** Opening Source material block **
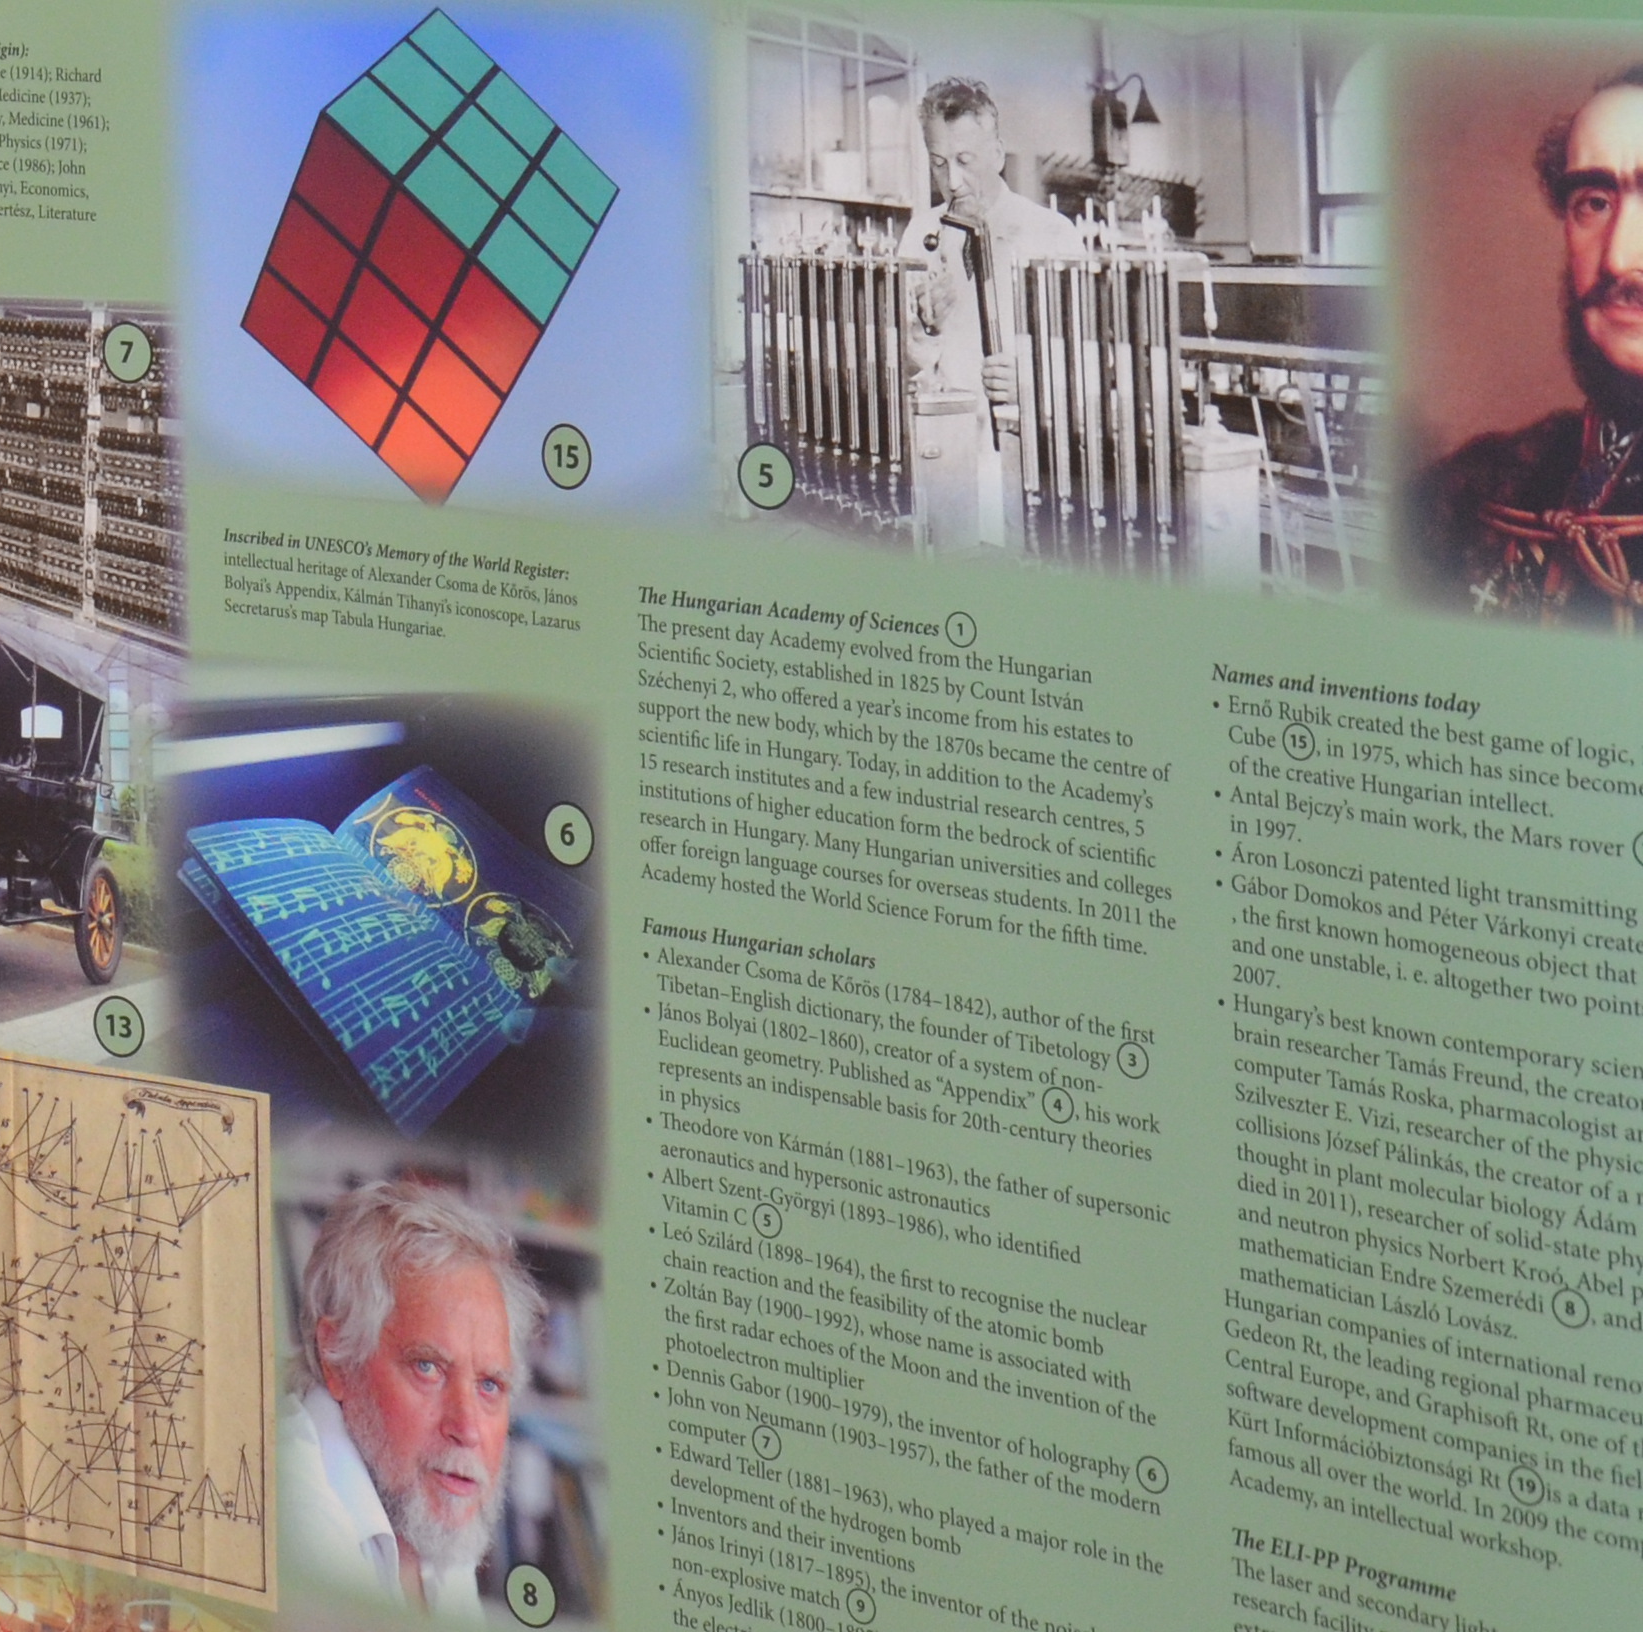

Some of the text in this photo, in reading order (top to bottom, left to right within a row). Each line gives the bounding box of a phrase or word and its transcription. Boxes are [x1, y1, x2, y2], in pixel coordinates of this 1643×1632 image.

[120, 340, 134, 364] 7
[553, 443, 579, 469] 15
[758, 463, 774, 488] 5
[223, 527, 285, 548] Inscribed
[287, 534, 301, 550] in
[375, 543, 431, 568] Memory
[432, 550, 446, 570] of
[448, 551, 469, 568] the
[473, 554, 511, 573] World
[513, 558, 570, 581] Register:
[223, 551, 294, 573] intellectual
[297, 557, 349, 583] heritage
[351, 563, 364, 580] of
[367, 565, 432, 588] Alexander
[435, 574, 479, 594] Csoma
[481, 578, 497, 596] de
[544, 587, 578, 607] János
[275, 580, 341, 603] Appendix,
[344, 586, 393, 608] Kálmán
[455, 601, 528, 628] iconoscope,
[531, 610, 581, 632] Lazarus
[300, 609, 329, 628] map
[331, 609, 374, 629] Tabula
[378, 614, 446, 639] Hungariae.
[638, 586, 667, 606] The
[670, 589, 762, 618] Hungarian
[766, 600, 846, 631] Academy
[848, 609, 867, 634] of
[869, 611, 940, 637] Sciences
[637, 612, 1092, 685] The present day Academy evolved from the Hungarian
[638, 640, 1084, 712] Scientific Society, established in 1825 by Count István
[1211, 663, 1481, 720] Names and inventions today
[1278, 700, 1333, 730] Rubik
[1337, 714, 1404, 737] created
[1409, 717, 1440, 742] the
[1446, 721, 1485, 748] best
[1490, 734, 1545, 755] game
[1550, 737, 1570, 758] of
[1577, 738, 1635, 768] logic,
[560, 822, 575, 847] 6
[1229, 785, 1279, 809] Antal
[1360, 807, 1407, 830] main
[1412, 814, 1468, 839] work,
[1473, 819, 1505, 842] the
[1511, 824, 1563, 850] Mars
[1568, 837, 1625, 858] rover
[642, 916, 876, 970] Famous Hungarian scholars
[657, 947, 741, 976] Alexander
[745, 959, 803, 987] Csoma
[807, 969, 827, 990] de
[1001, 1004, 1062, 1029] author
[1065, 1013, 1084, 1034] of
[1087, 1015, 1117, 1038] the
[1120, 1020, 1156, 1048] first
[105, 1014, 132, 1039] 13
[659, 1084, 741, 1115] in physics
[660, 1144, 991, 1219] aeronautics and hypersonic astronautics
[662, 1193, 729, 1223] Vitamin
[733, 1207, 747, 1227] C
[665, 1332, 865, 1391] photoelectron multiplier
[668, 1419, 747, 1448] computer
[671, 1496, 916, 1574] Inventors and their inventions
[1231, 1526, 1457, 1603] The ELI-PP Programme
[523, 1582, 538, 1607] 8
** Closing Source material block **
- Prompt:
Scan the records above and report how many lines include the word "Alexander", without any other text.

- Finished task:
2